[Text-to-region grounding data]
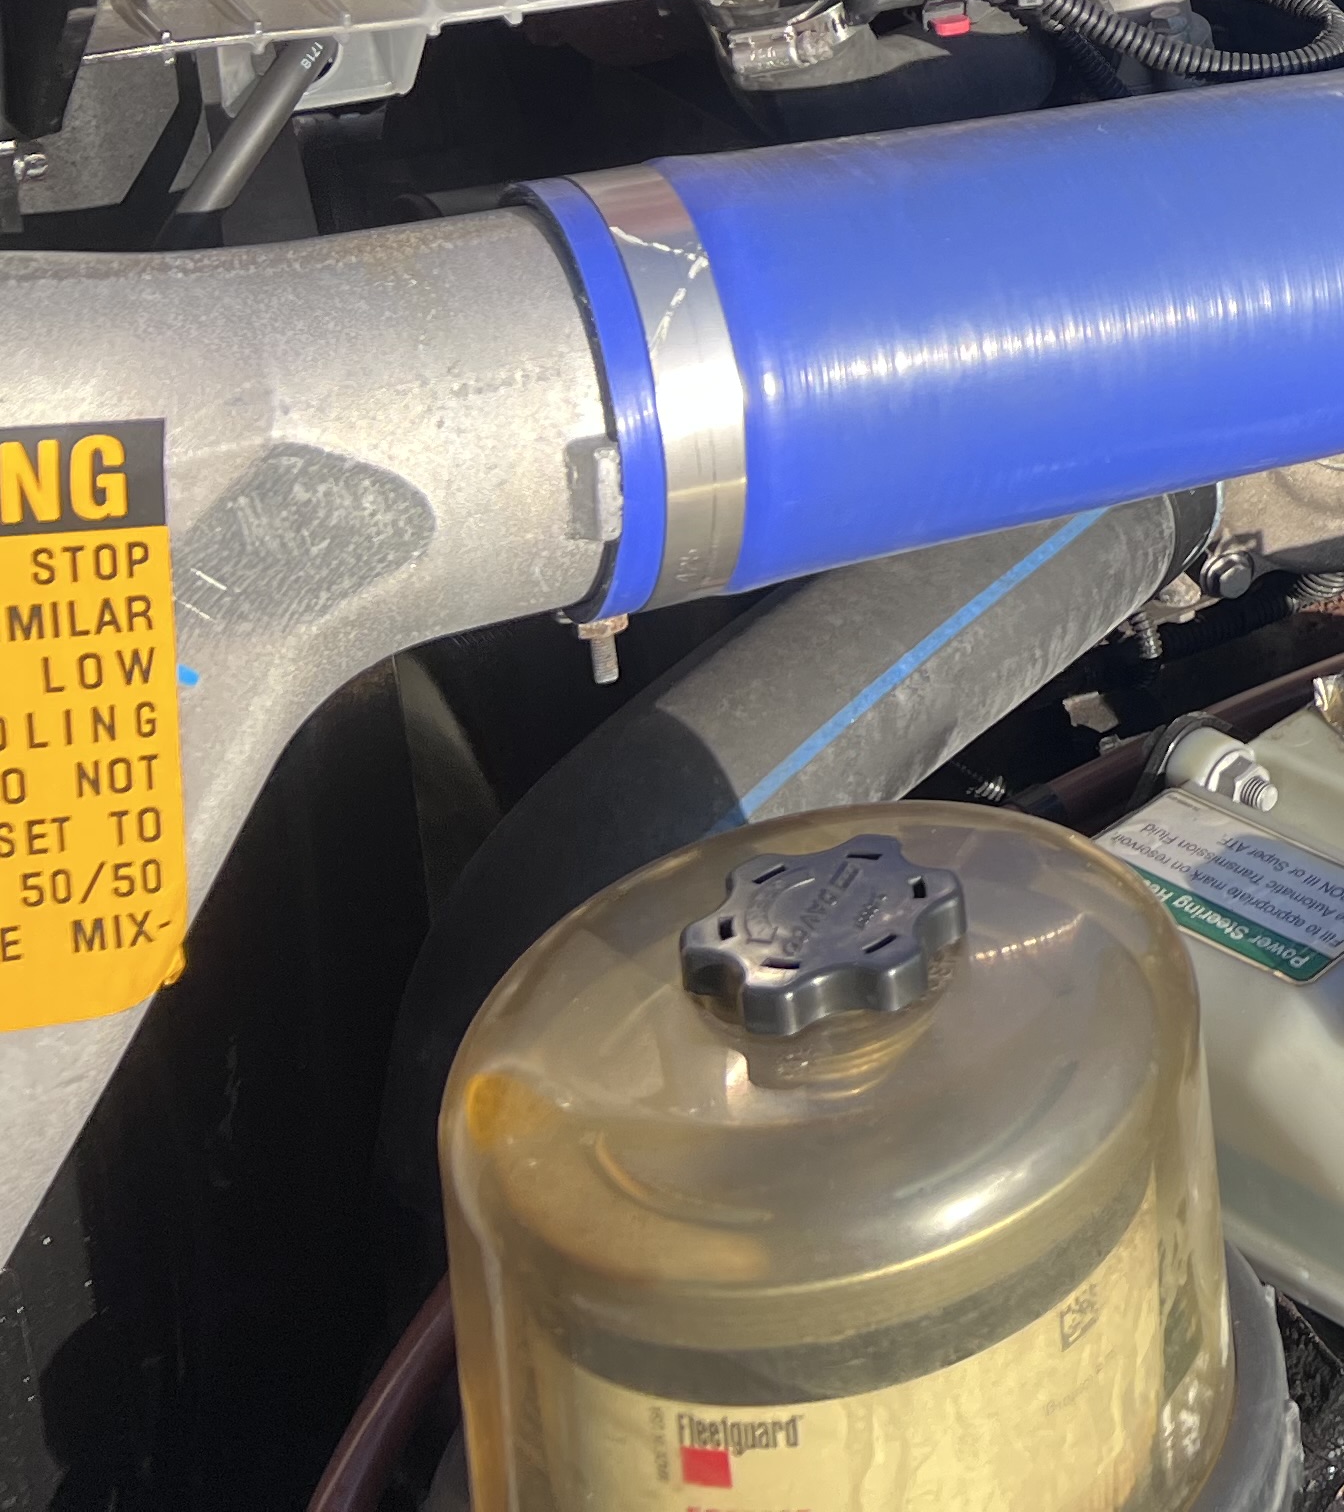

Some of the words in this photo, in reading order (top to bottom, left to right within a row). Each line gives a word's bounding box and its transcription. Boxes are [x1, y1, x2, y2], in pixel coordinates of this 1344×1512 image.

[300, 41, 324, 70] 1718
[0, 433, 127, 525] NG
[32, 540, 151, 585] STOP
[6, 593, 154, 644] MILAR
[44, 646, 156, 693] LOW
[77, 753, 160, 799] NOT
[0, 815, 71, 859] SET
[109, 806, 162, 849] TO
[1140, 823, 1180, 845] Fluid
[21, 858, 162, 907] 50/50
[1170, 859, 1191, 873] on
[1178, 839, 1264, 885] Transmission
[1190, 869, 1228, 890] mark
[1247, 849, 1290, 873] Super
[1288, 867, 1306, 878] or
[1172, 894, 1250, 940] Steering
[1227, 887, 1306, 928] appropriate
[1266, 879, 1336, 918] Automatic
[0, 925, 23, 962] E
[71, 914, 172, 954] MIX-
[1250, 933, 1310, 968] Power
[1305, 924, 1323, 940] to
[1320, 932, 1344, 948] Fill
[676, 1412, 801, 1457] Fleetguard
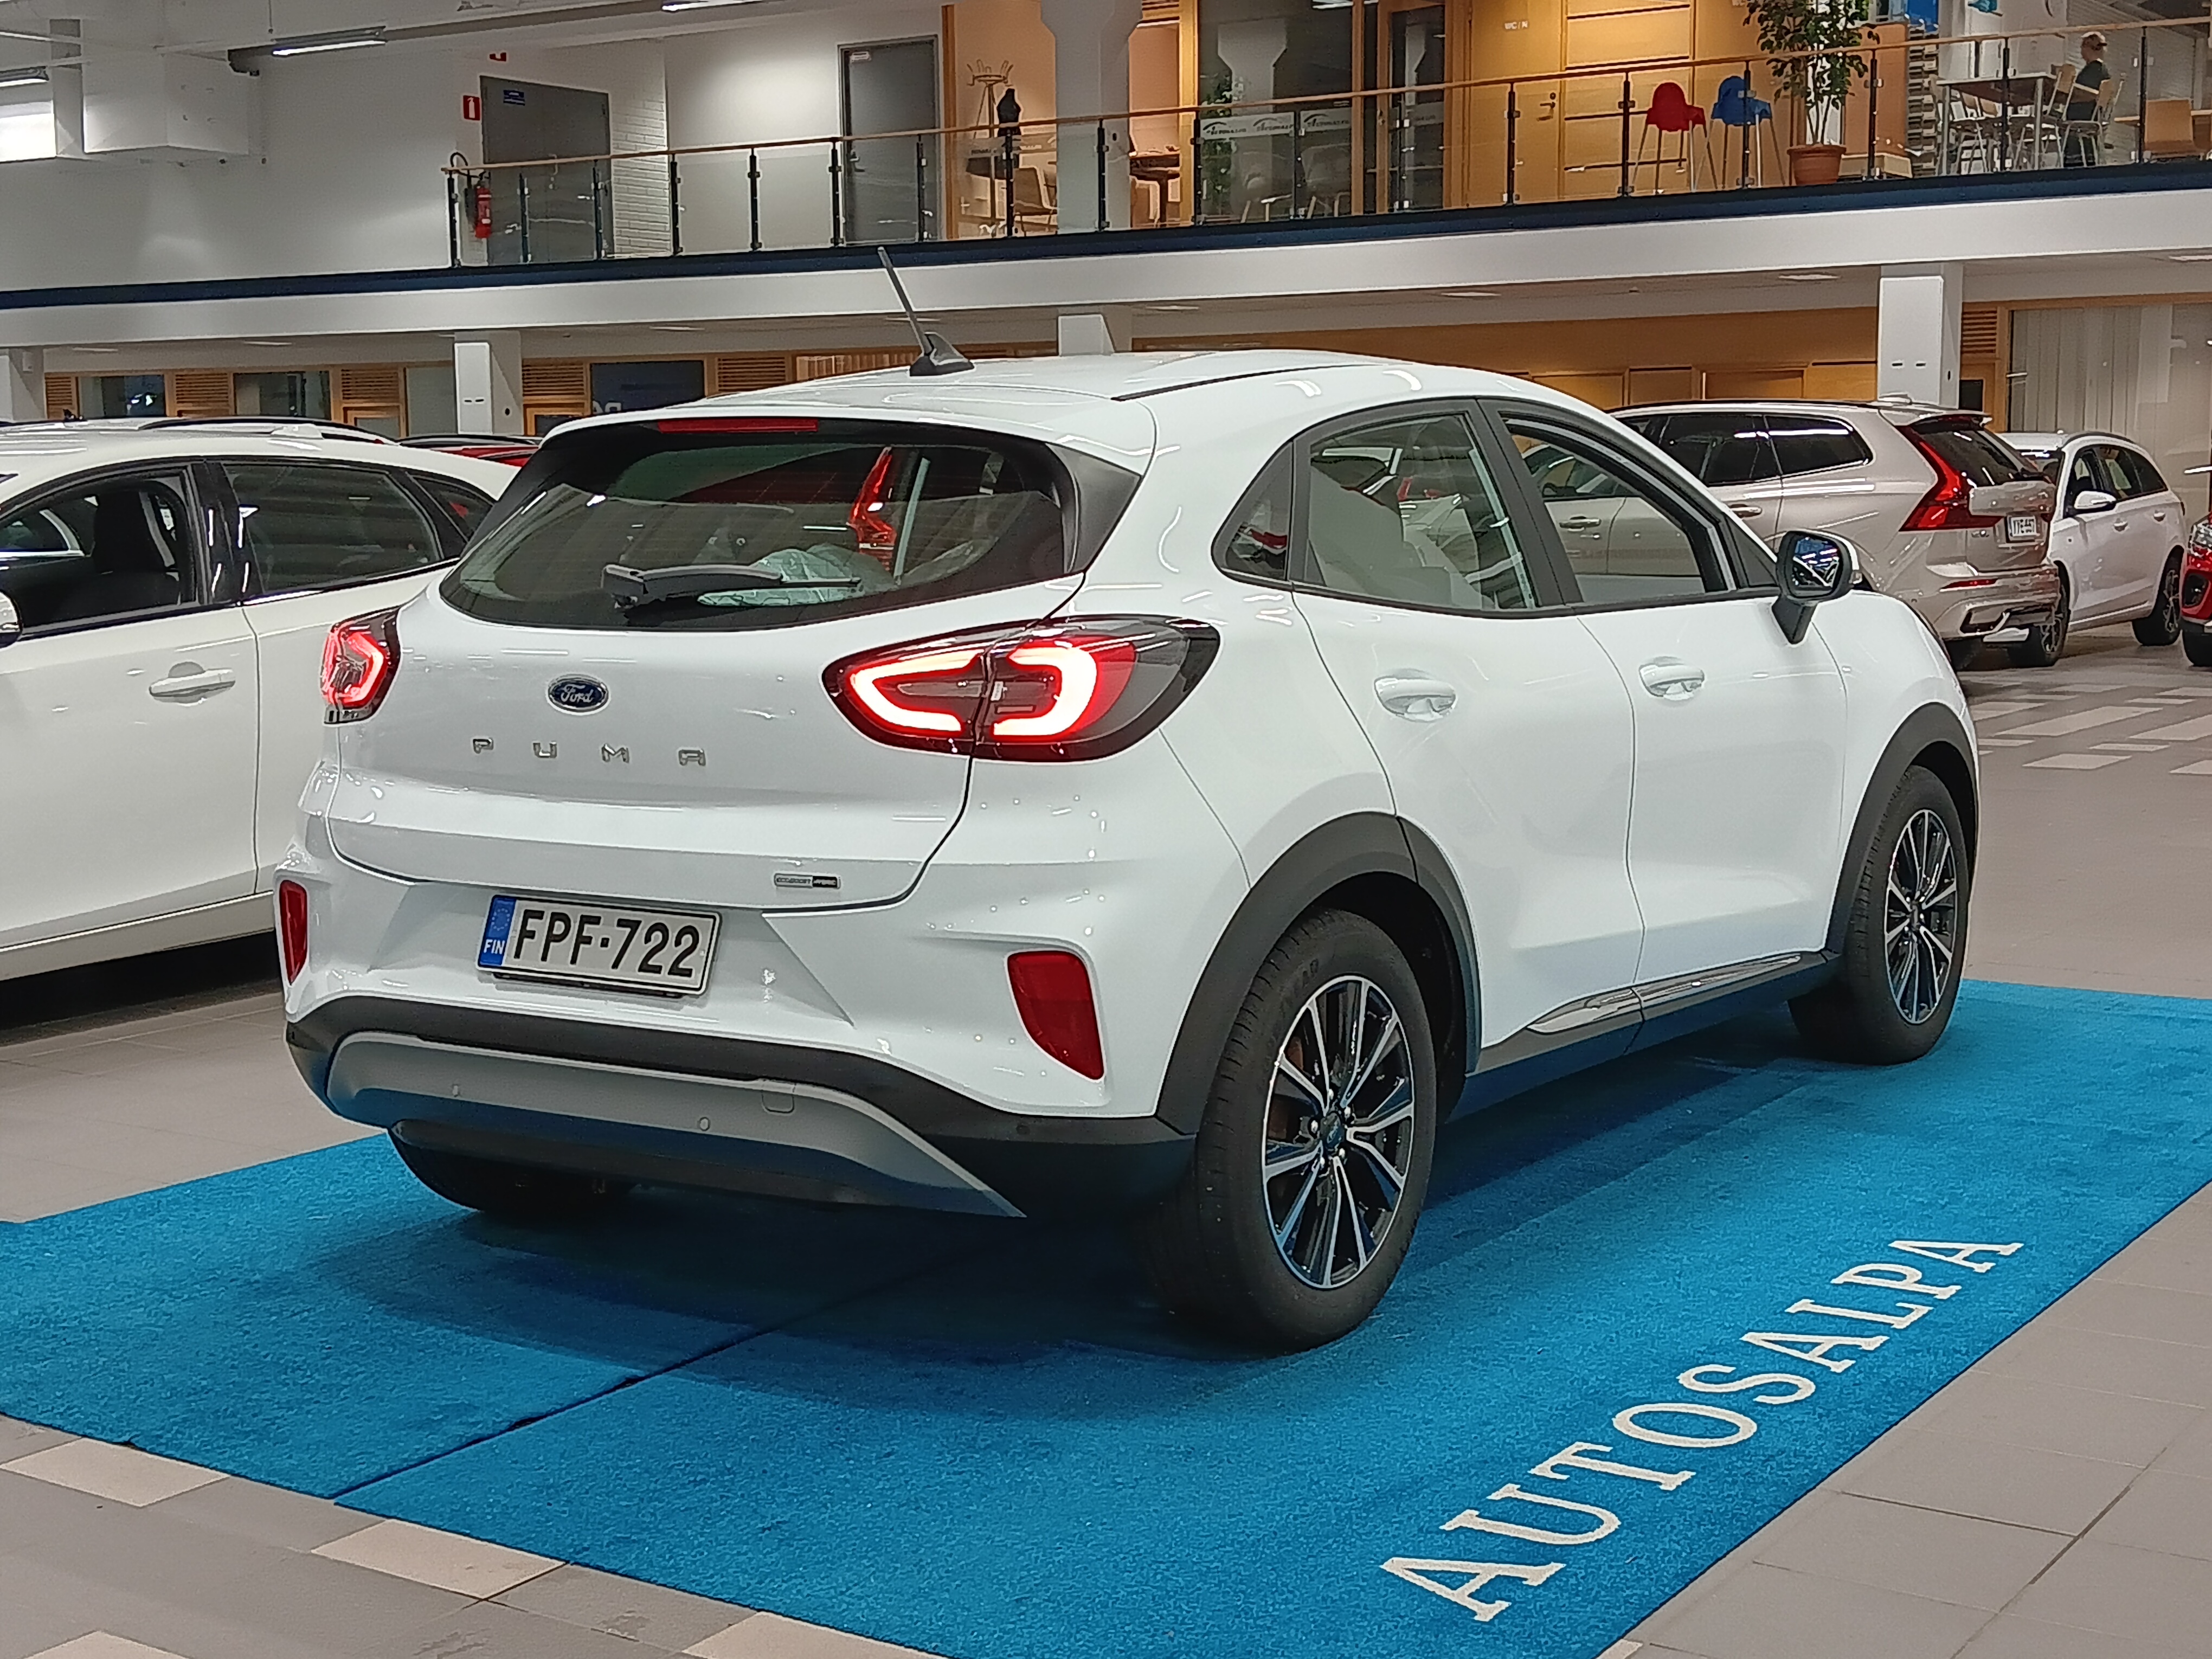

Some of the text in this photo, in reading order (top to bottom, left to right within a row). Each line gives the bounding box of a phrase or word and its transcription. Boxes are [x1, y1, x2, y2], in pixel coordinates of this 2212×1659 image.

[561, 684, 594, 703] Ford
[473, 738, 705, 766] PUMA
[484, 939, 505, 955] FIN
[1380, 1239, 2024, 1622] AUTOSALPA
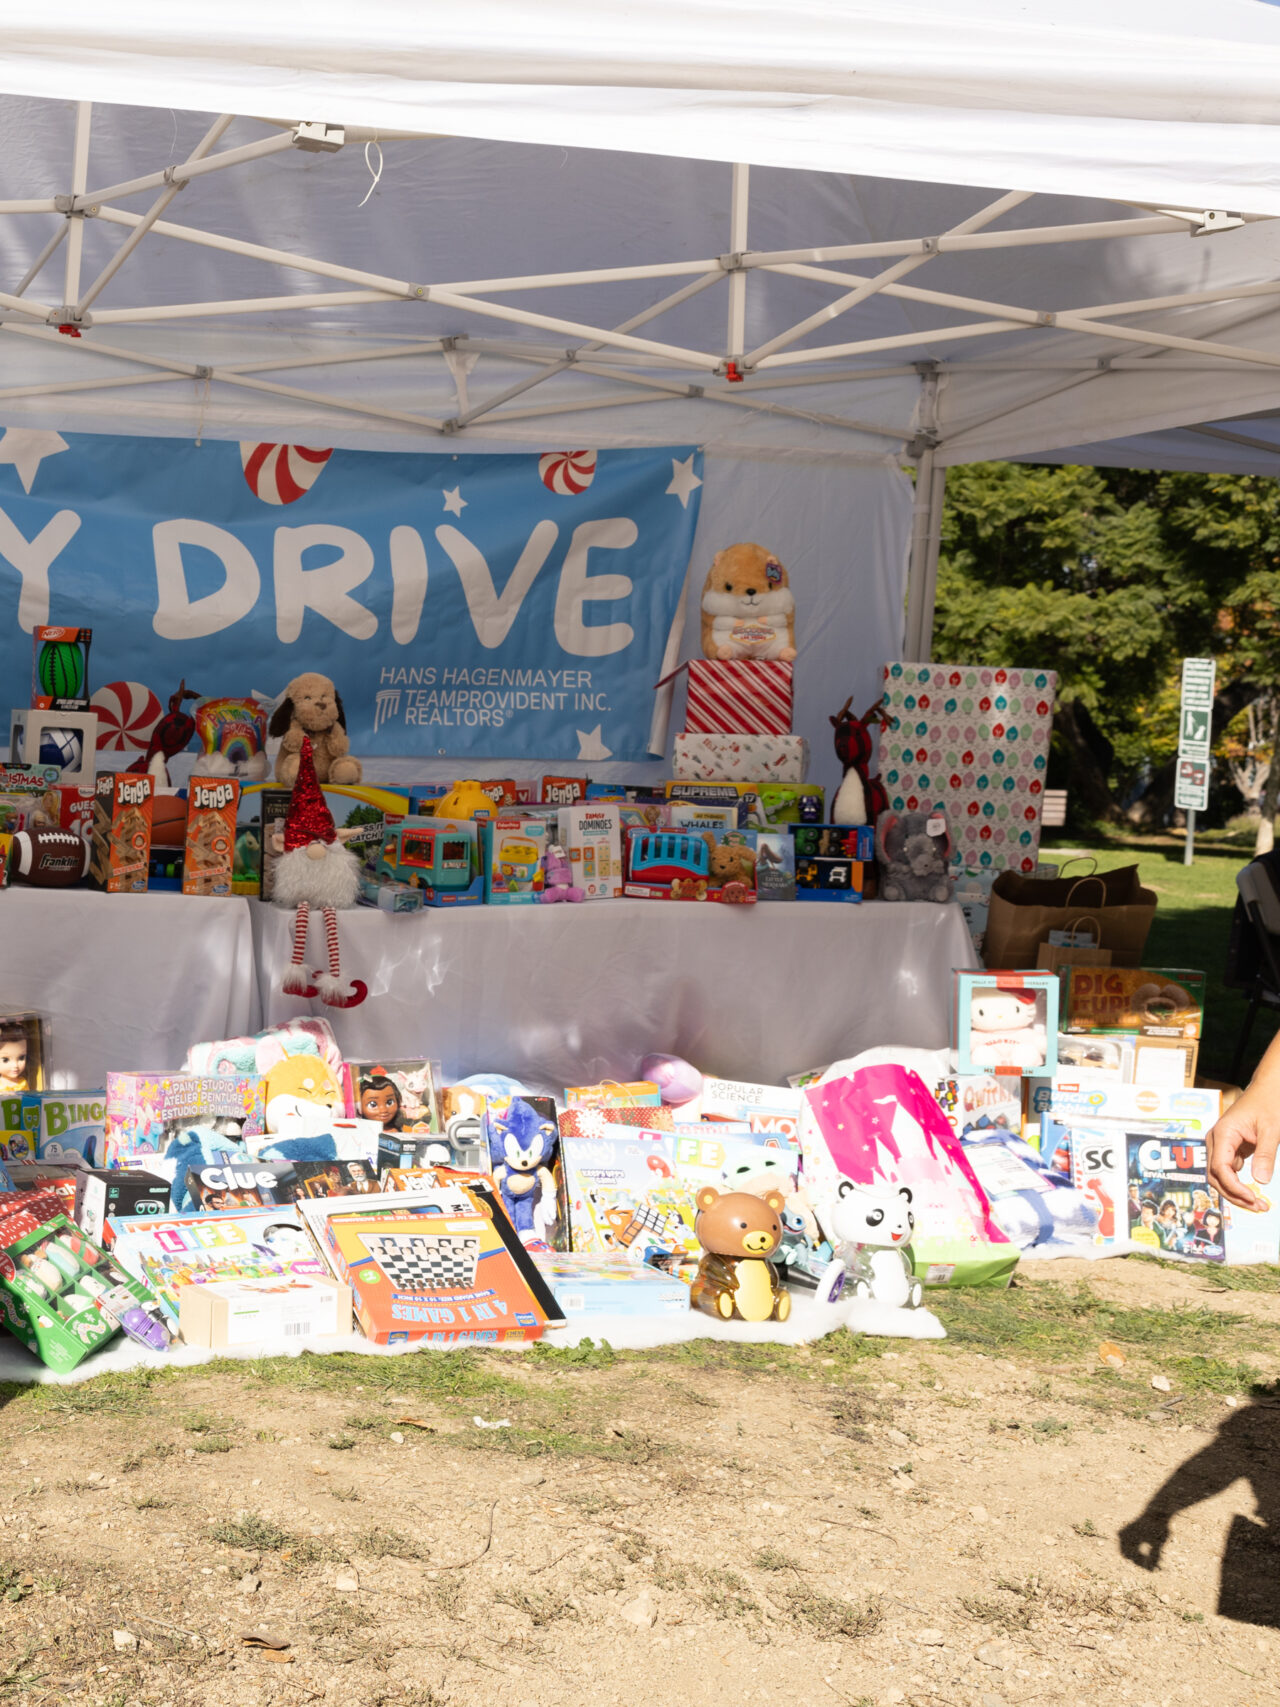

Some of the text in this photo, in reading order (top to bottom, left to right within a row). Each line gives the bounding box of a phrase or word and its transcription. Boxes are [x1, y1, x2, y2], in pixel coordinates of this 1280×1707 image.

[152, 517, 638, 656] DRIVE
[380, 667, 592, 688] HANS HAGENMAYER
[405, 690, 612, 711] TEAMPROVIDENT INC.
[117, 778, 150, 804] Jenga
[193, 783, 234, 810] Jenga
[545, 782, 581, 803] Jenga
[671, 786, 738, 797] SUPREME
[70, 800, 95, 813] GUES
[81, 810, 91, 819] IN
[579, 819, 613, 830] DOMINOES
[1074, 974, 1123, 995] DIG
[1092, 996, 1130, 1014] UP!
[173, 1079, 234, 1093] PAINT STUDIO
[710, 1081, 764, 1095] POPULAR
[164, 1091, 243, 1106] ATELIER PEINTURE
[712, 1091, 761, 1104] SCIENCE
[44, 1101, 106, 1136] BING
[162, 1104, 198, 1120] ESTUDIO
[210, 1103, 246, 1118] PINTURA
[50, 1145, 58, 1153] 75
[567, 1142, 616, 1166] Bluey
[1139, 1140, 1207, 1171] CLUE
[200, 1166, 278, 1190] Clue
[159, 1224, 241, 1250] LIFE
[391, 1303, 455, 1323] GAMES
[458, 1306, 470, 1322] 1
[472, 1302, 496, 1321] IN
[493, 1299, 508, 1315] 4

Task statement -> Retype each entry precisely. Skip images entirely.

Solution for this problem ->
Some of the words in this photo, in reading order (top to bottom, left to right within a row). Each line gives a word's bounding box and its transcription. Boxes are [x1, y1, x2, y2], in pixel coordinates of this 1344×1512 image.

[300, 41, 324, 70] 1718
[0, 433, 127, 525] NG
[32, 540, 151, 585] STOP
[6, 593, 154, 644] MILAR
[44, 646, 156, 693] LOW
[77, 753, 160, 799] NOT
[0, 815, 71, 859] SET
[109, 806, 162, 849] TO
[1140, 823, 1180, 845] Fluid
[21, 858, 162, 907] 50/50
[1170, 859, 1191, 873] on
[1178, 839, 1264, 885] Transmission
[1190, 869, 1228, 890] mark
[1247, 849, 1290, 873] Super
[1288, 867, 1306, 878] or
[1172, 894, 1250, 940] Steering
[1227, 887, 1306, 928] appropriate
[1266, 879, 1336, 918] Automatic
[0, 925, 23, 962] E
[71, 914, 172, 954] MIX-
[1250, 933, 1310, 968] Power
[1305, 924, 1323, 940] to
[1320, 932, 1344, 948] Fill
[676, 1412, 801, 1457] Fleetguard

Some of the text in this photo, in reading order (top to bottom, left to right within a row). Each line gives the bounding box of a phrase or word and its transcription. Boxes are [x1, y1, x2, y2], in pixel coordinates of this 2212×1659 image.

[561, 684, 594, 703] Ford
[473, 738, 705, 766] PUMA
[484, 939, 505, 955] FIN
[1380, 1239, 2024, 1622] AUTOSALPA

Some of the text in this photo, in reading order (top to bottom, left to right within a row). Each line gives the bounding box of a phrase or word and its transcription. Boxes are [x1, y1, x2, y2], in pixel coordinates of this 1280×1707 image.

[152, 517, 638, 656] DRIVE
[380, 667, 592, 688] HANS HAGENMAYER
[405, 690, 612, 711] TEAMPROVIDENT INC.
[117, 778, 150, 804] Jenga
[193, 783, 234, 810] Jenga
[545, 782, 581, 803] Jenga
[671, 786, 738, 797] SUPREME
[70, 800, 95, 813] GUES
[81, 810, 91, 819] IN
[579, 819, 613, 830] DOMINOES
[1074, 974, 1123, 995] DIG
[1092, 996, 1130, 1014] UP!
[173, 1079, 234, 1093] PAINT STUDIO
[710, 1081, 764, 1095] POPULAR
[164, 1091, 243, 1106] ATELIER PEINTURE
[712, 1091, 761, 1104] SCIENCE
[44, 1101, 106, 1136] BING
[162, 1104, 198, 1120] ESTUDIO
[210, 1103, 246, 1118] PINTURA
[50, 1145, 58, 1153] 75
[567, 1142, 616, 1166] Bluey
[1139, 1140, 1207, 1171] CLUE
[200, 1166, 278, 1190] Clue
[159, 1224, 241, 1250] LIFE
[391, 1303, 455, 1323] GAMES
[458, 1306, 470, 1322] 1
[472, 1302, 496, 1321] IN
[493, 1299, 508, 1315] 4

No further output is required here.